Neighborhood residents and activist groups gathered in Woodhaven Saturday to protest the city Department of Transportation’s new Select Bus Service plan. The route would reconfigure lanes and eliminate left turns at major intersections as well as install bus stops in the median of Woodhaven Boulevard, which opponents fear will create unsafe conditions along the corridor and interrupt flow of traffic.
State Sen. Joe Addabbo (D-Howard Beach), state Assemblyman Mike Miller (D-Woodhaven), the Woodhaven Residents’ Block Association, Maria Thomson of the Business Improvement District, the Greater Woodhaven Development Corporation, the Task Force for a Better Woodhaven, and the Queens Public Transit Committee all spoke out on the corner of Jamaica Avenue and Woodhaven Boulevard and blamed not only the unwillingness of DOT to accept resident input on the plan but also the de Blasio administration for not taking an active role in the dispute.

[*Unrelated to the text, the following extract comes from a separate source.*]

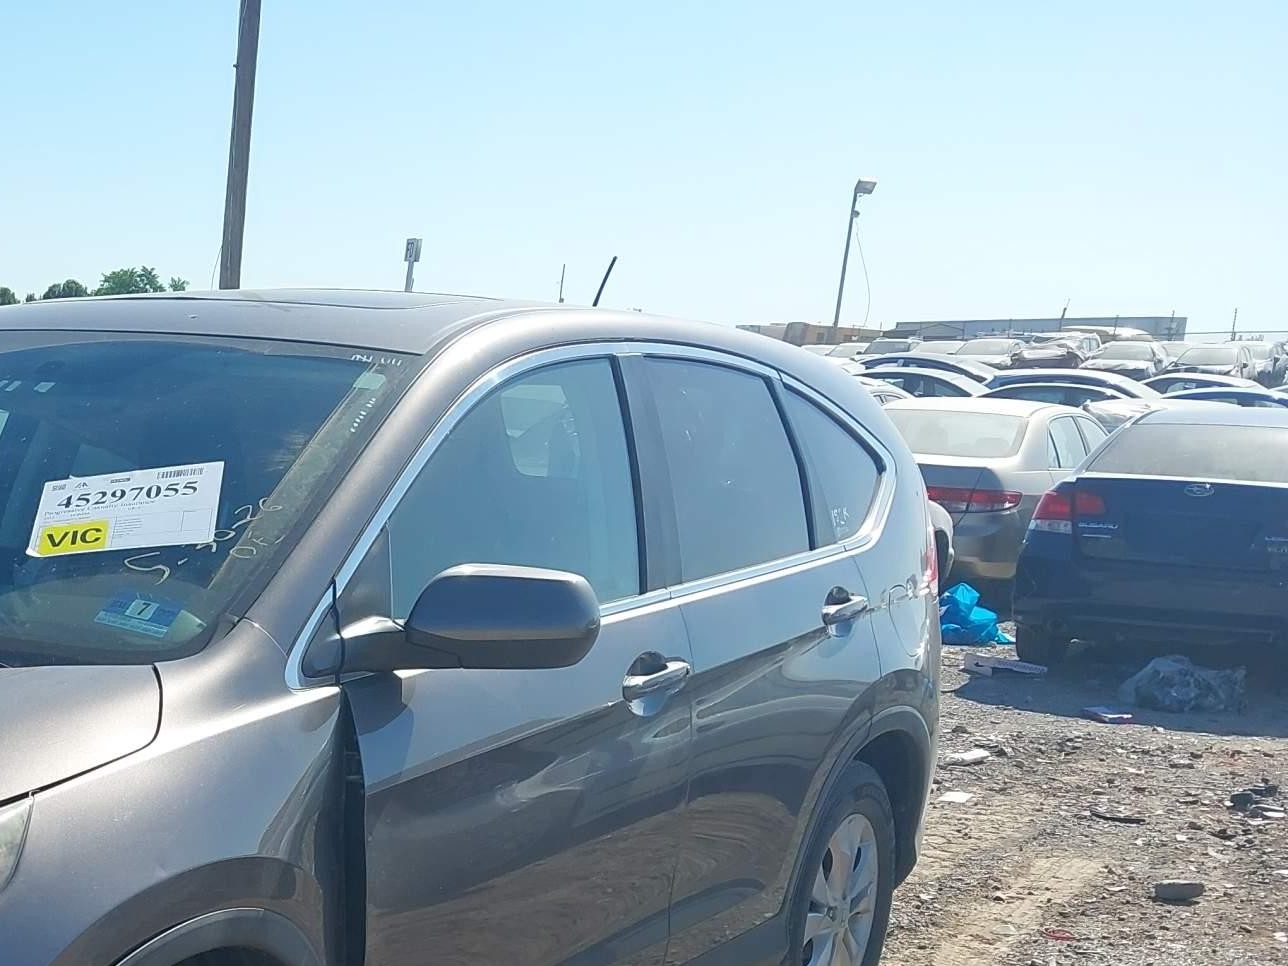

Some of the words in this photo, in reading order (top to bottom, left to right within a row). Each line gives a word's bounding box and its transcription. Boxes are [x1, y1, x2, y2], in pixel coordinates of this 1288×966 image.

“They could have off-board fare collection, extra-long articulated buses. They could have signal priorities so that buses don’t have to wait at red lights,” said Alex Blenkinsopp, director of the block association and longtime opponent of the plan. He favors adding a bus route along the inactive rail road tracks of the Rockaway Beach Line that would expedite service for commuters and reduce traffic along the boulevard.
“But the only thing that they’re going to do is commit in advance to a plan that’s going to costs hundreds of millions of dollars and raises numerous problems,” Blenkinsopp said.
Protester Charles Jusino said a bus stop in the median would be dangerous because the number of people who gather at the current stop in front of Queens County Savings Bank would crowd out the median where they would be expected to wait in the future.
“When you think of a plan that costs well over $200 million of taxpayer dollars, you need to make sure it’s right for the taxpayer,” Addabbo said. “The long-term effect of this plan has to be taken into consideration.”
Philip McManus, chairman of Queens Public Transit Committee, made the point that traffic patterns will not only become more congested, but they could change altogether to affect residential parts of the neighborhood.
“If you have a glass and you fill it up to the top and you put something else in there, what’s going to happen? It’s going to overflow. And where is it going to go? It’s going to go into your residential streets,” McManus said. “People are going to adapt to this and avoid this roadway, and that’s going to hurt business and your property values.”
Other speakers at the rally cited roll-over traffic accidents, which have involved the median where DOT plans to put the new bus stops, as well as the city neglecting to remove snow around the current stop during the last major storm. Participants in the protests expressed the need for improved transportation along the boulevard, but stood firmly against the city’s Select Bus Service plan.